LLM · Tool-calling

Right tool, right args, right moment.

Tool-calling has a ground truth, so we grade it deterministically — no judge: did the model call the expected tool, with the expected arguments, and respect ordering rules (e.g. look up an order before refunding it)? The failure modes mirror Retell's: missing a necessary call, an unnecessary call, or the wrong tool.

Tool-call correctness

Model	English	Spanish	Thai	Tagalog	Bahasa Indonesia
OpenAI gpt-5	67%	67%	67%	67%	67%
OpenAI gpt-5-mini	67%	33%	67%	67%	67%
OpenAI gpt-5-nano	33%	67%	33%	33%	33%
xAI Grok 4.3	100%	100%	67%	67%	67%

3 tool-calling scenarios per language · deterministic grading (tool name + args + ordering) · 2026-06-10

What the harness caught

On the refund scenario, the correct first move is to look the order up before refunding.

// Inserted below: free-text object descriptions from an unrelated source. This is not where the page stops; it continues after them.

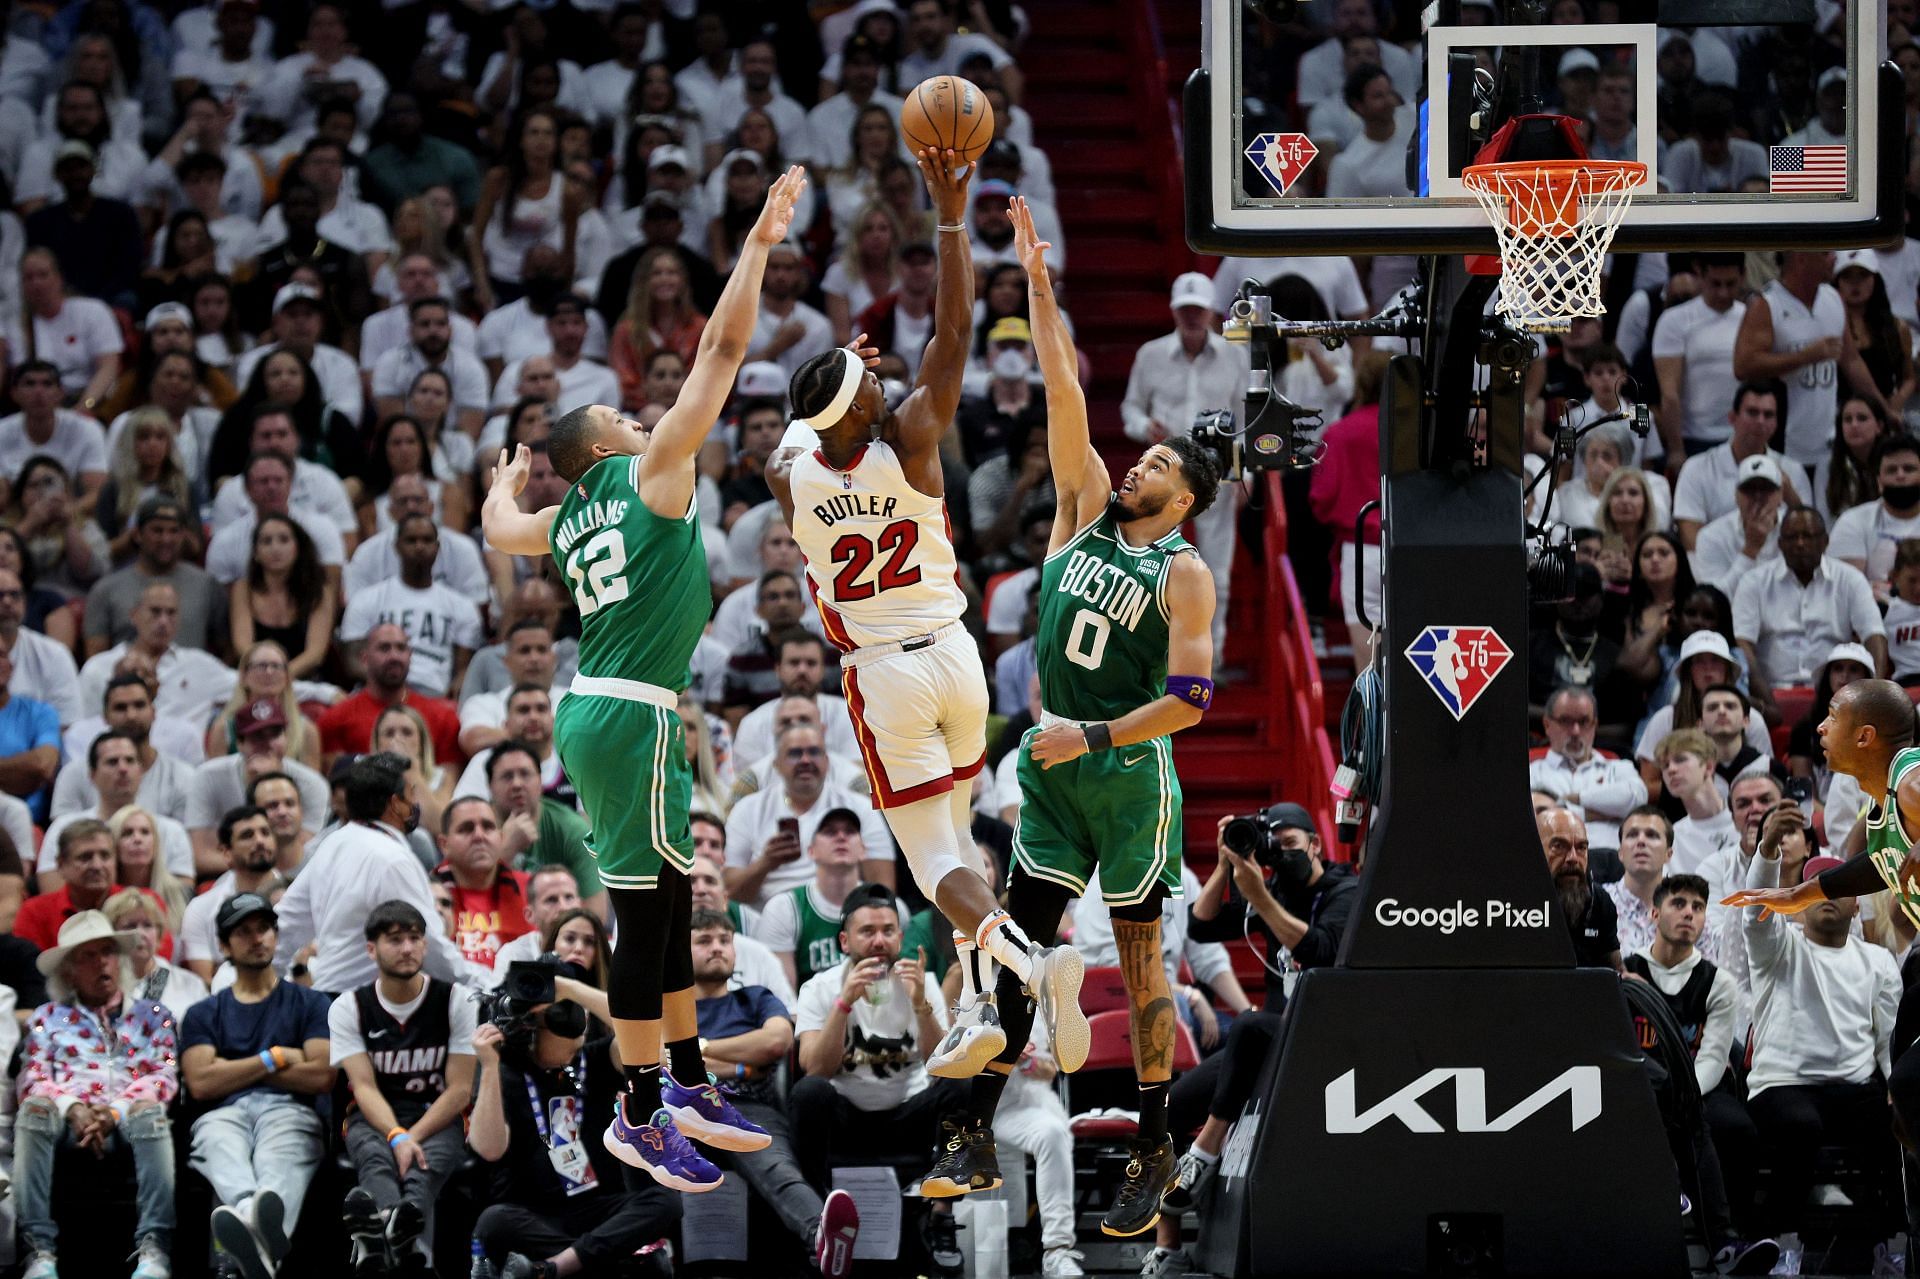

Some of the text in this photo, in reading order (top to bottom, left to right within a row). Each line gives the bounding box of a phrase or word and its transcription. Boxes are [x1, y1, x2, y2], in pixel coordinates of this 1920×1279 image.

[1288, 143, 1301, 160] 75
[555, 500, 628, 553] WILLIAMS
[813, 495, 897, 527] BUTLER
[566, 529, 630, 616] 12
[831, 519, 922, 602] 22
[1136, 565, 1158, 577] PRINT
[1139, 558, 1160, 570] VISTA
[1058, 550, 1152, 633] BOSTON
[1065, 608, 1111, 671] 0
[1468, 640, 1488, 667] 75
[1188, 684, 1210, 703] 24
[1375, 898, 1550, 934] Google Pixel
[368, 1046, 446, 1074] MIAMI
[1325, 1065, 1602, 1134] KIA
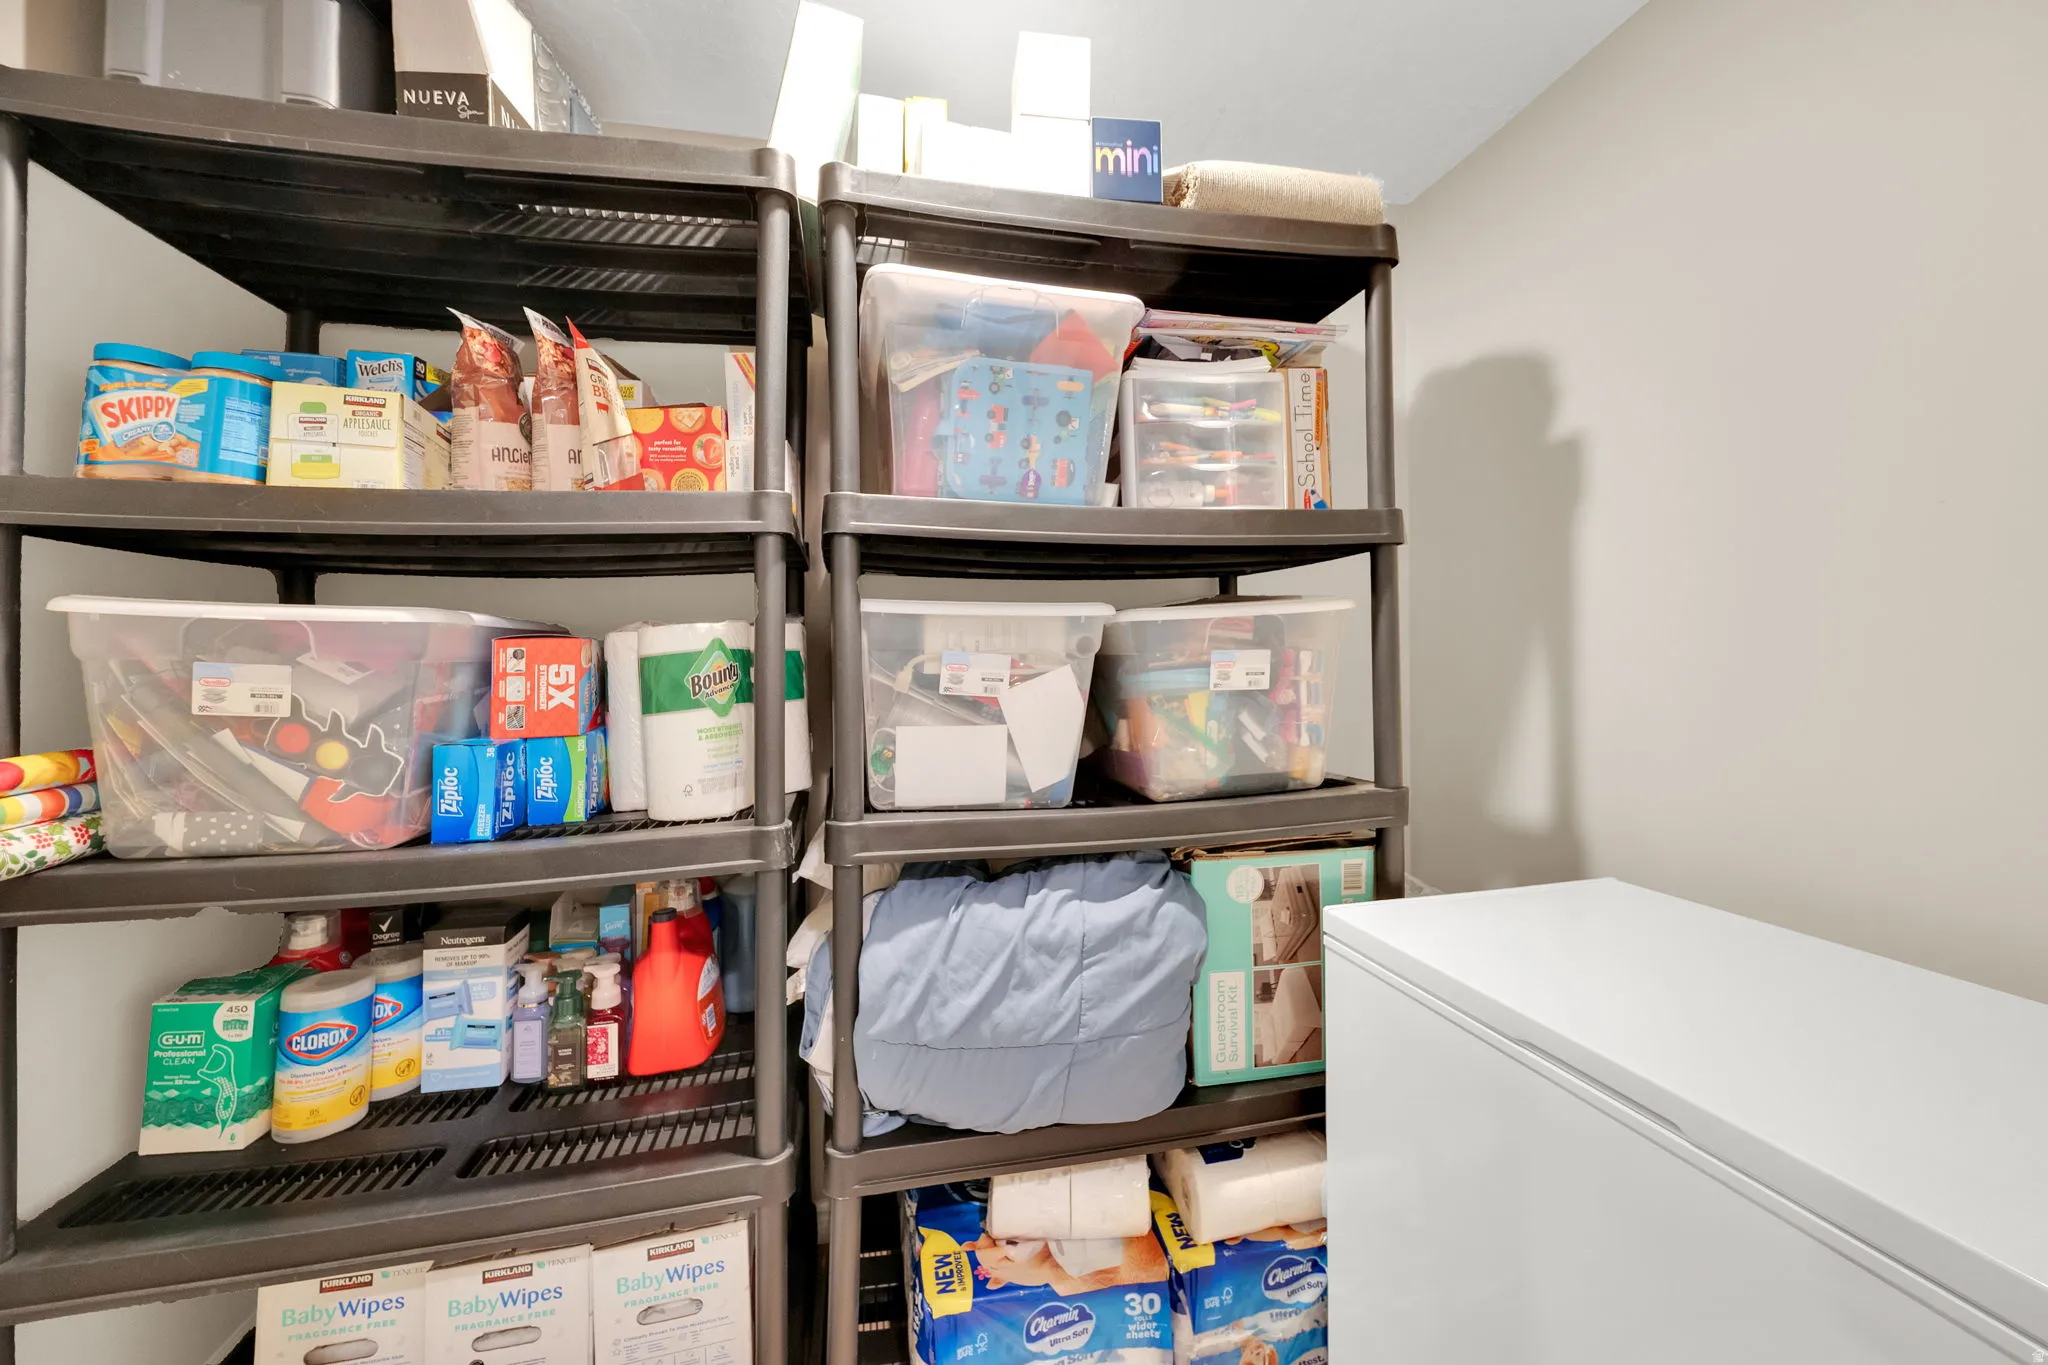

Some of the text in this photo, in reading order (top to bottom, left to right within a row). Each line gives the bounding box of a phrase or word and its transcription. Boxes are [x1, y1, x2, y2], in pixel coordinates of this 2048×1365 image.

[403, 89, 470, 106] NUEVA
[1095, 139, 1159, 178] mini
[357, 359, 404, 377] Welch's
[415, 360, 426, 375] 90
[345, 394, 386, 405] KIRKLAND
[100, 395, 176, 429] SKIPPY
[342, 418, 392, 431] APPLESAUCE
[1294, 373, 1316, 487] School Time
[653, 439, 673, 447] perfect
[539, 664, 548, 711] STRONGER
[547, 663, 576, 711] 5X
[690, 661, 740, 699] Bounty
[486, 747, 496, 759] 38
[502, 751, 516, 823] Ziploc
[536, 756, 558, 799] Ziploc
[589, 752, 599, 811] Ziploc
[440, 767, 464, 814] Ziploc
[576, 780, 585, 818] SANDWICH
[477, 803, 486, 837] FREEZER
[372, 931, 400, 941] Degree
[440, 935, 486, 946] Neutrogena
[435, 955, 461, 963] REMOVES
[454, 959, 478, 967] MAKEUP
[226, 1005, 249, 1013] 450
[1216, 979, 1226, 1064] Guestroom
[1228, 985, 1238, 1063] Survival Kit
[291, 1027, 349, 1052] CLOROX
[153, 1049, 206, 1058] Professional
[162, 1058, 196, 1066] CLEAN
[290, 1063, 347, 1080] Disinfecting Wipes
[1165, 1212, 1198, 1250] NEW
[649, 1240, 694, 1257] KIRKLAND
[321, 1273, 373, 1289] KIRKLAND
[484, 1264, 532, 1279] KIRKLAND
[932, 1252, 957, 1295] NEW
[1268, 1260, 1313, 1286] Charmin
[623, 1282, 720, 1309] FRAGRANCE FREE
[1306, 1280, 1324, 1290] Soft
[1124, 1292, 1162, 1317] 30
[287, 1319, 397, 1342] FRAGRANCE FREE
[454, 1308, 557, 1333] FRAGRANCE FREE
[1030, 1307, 1080, 1337] Charmin
[1127, 1321, 1158, 1332] wider
[1049, 1326, 1090, 1348] Ultra Soft
[1125, 1329, 1161, 1340] sheets
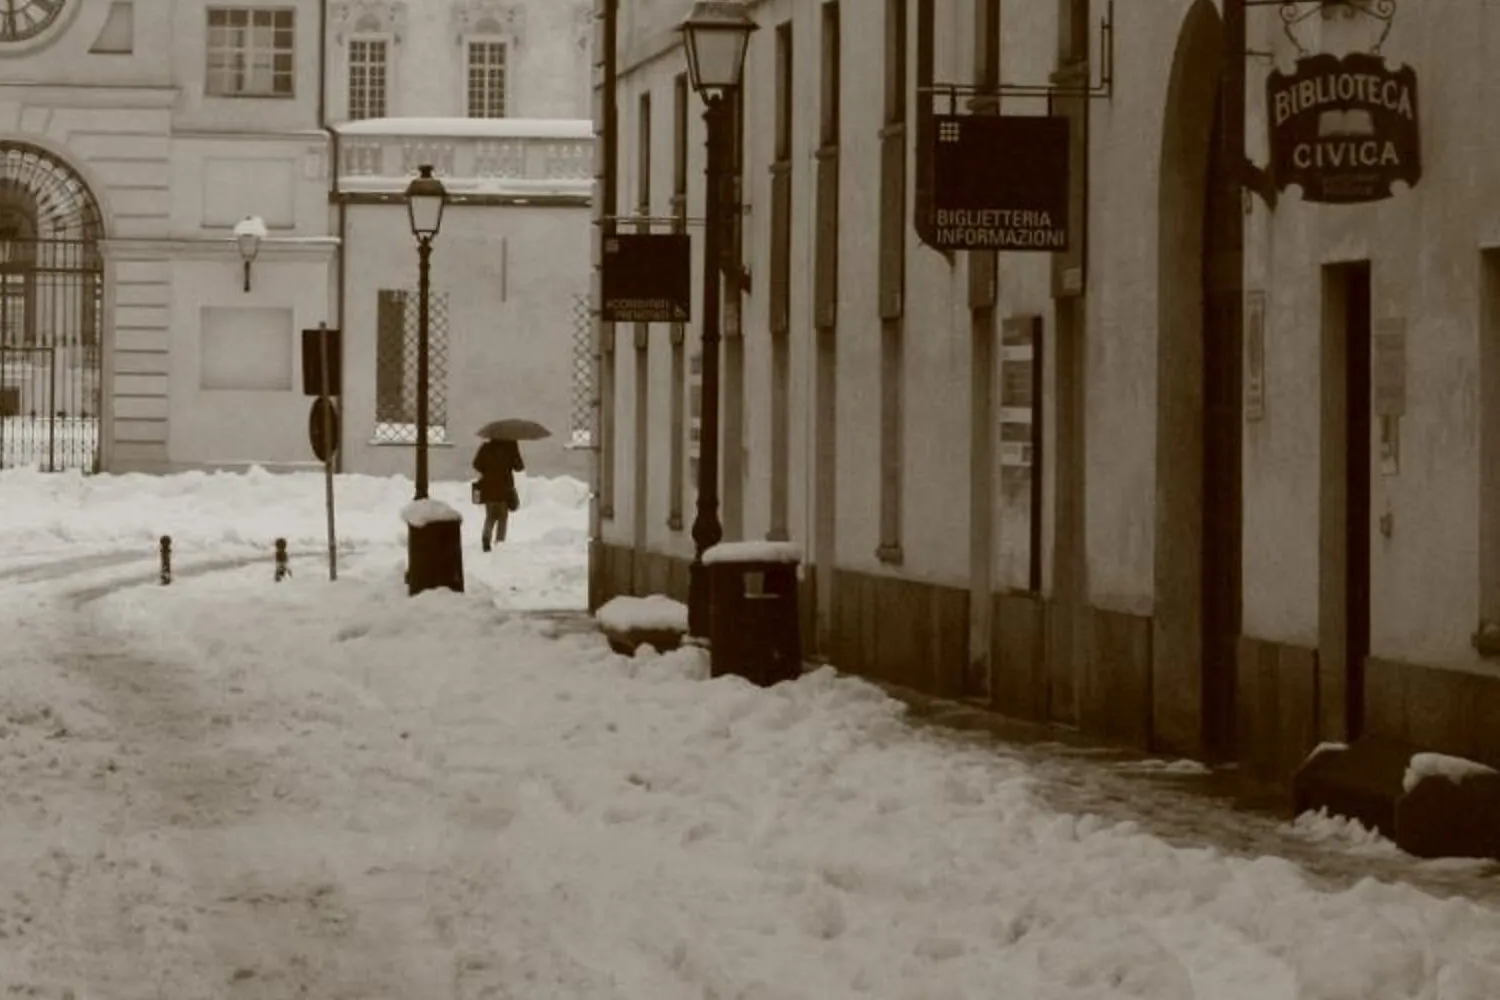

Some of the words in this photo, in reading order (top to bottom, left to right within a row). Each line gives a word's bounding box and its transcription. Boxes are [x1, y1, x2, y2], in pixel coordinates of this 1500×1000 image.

[1274, 72, 1414, 128] BIBLIOTECA
[1292, 140, 1400, 169] CIVICA
[936, 208, 1052, 228] BIGLIETTERIA
[936, 228, 1065, 247] INFORMAZIONI
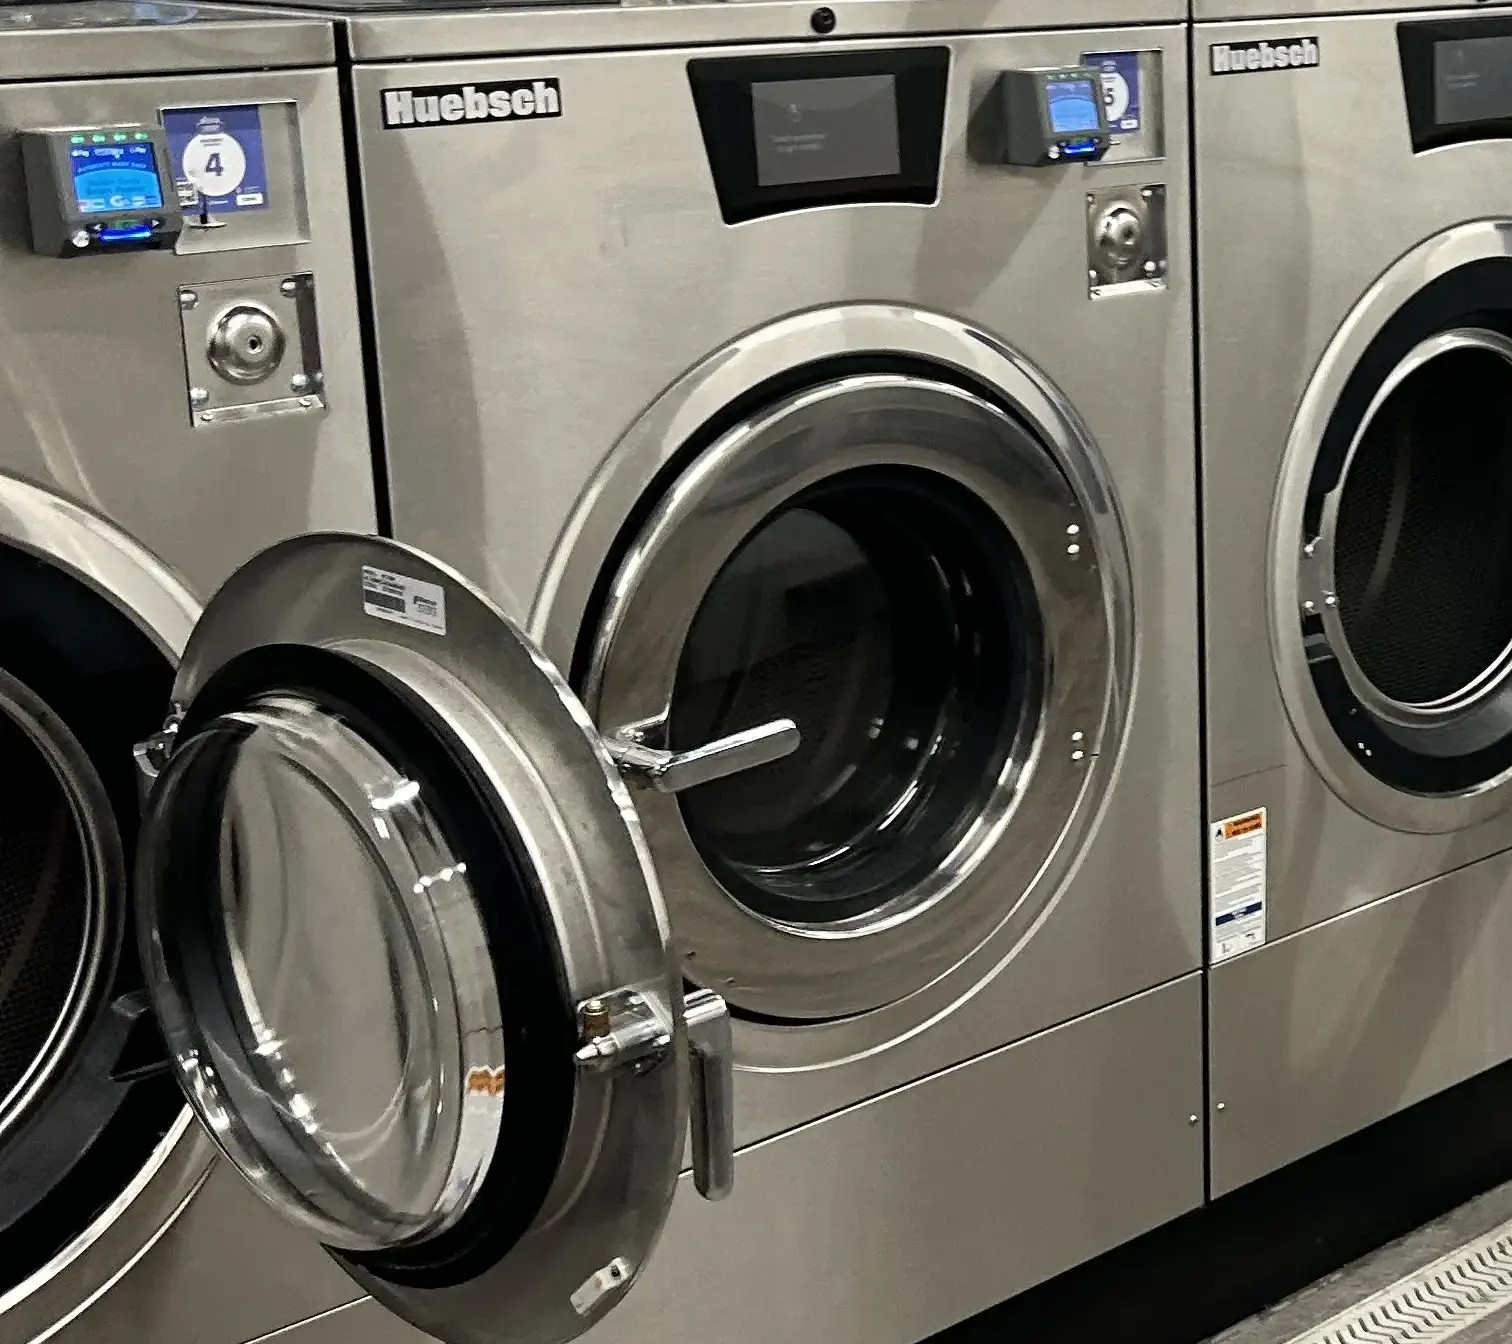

Smaller models sometimes skip the tool call entirely (it varies by language), which is exactly the “missing necessary call” failure the deterministic grader flags.

Preliminary v0 — 3 scenarios per language. Direction of the English↔Spanish gap varies between runs at this sample size; the per-language split is the point, not the exact numbers.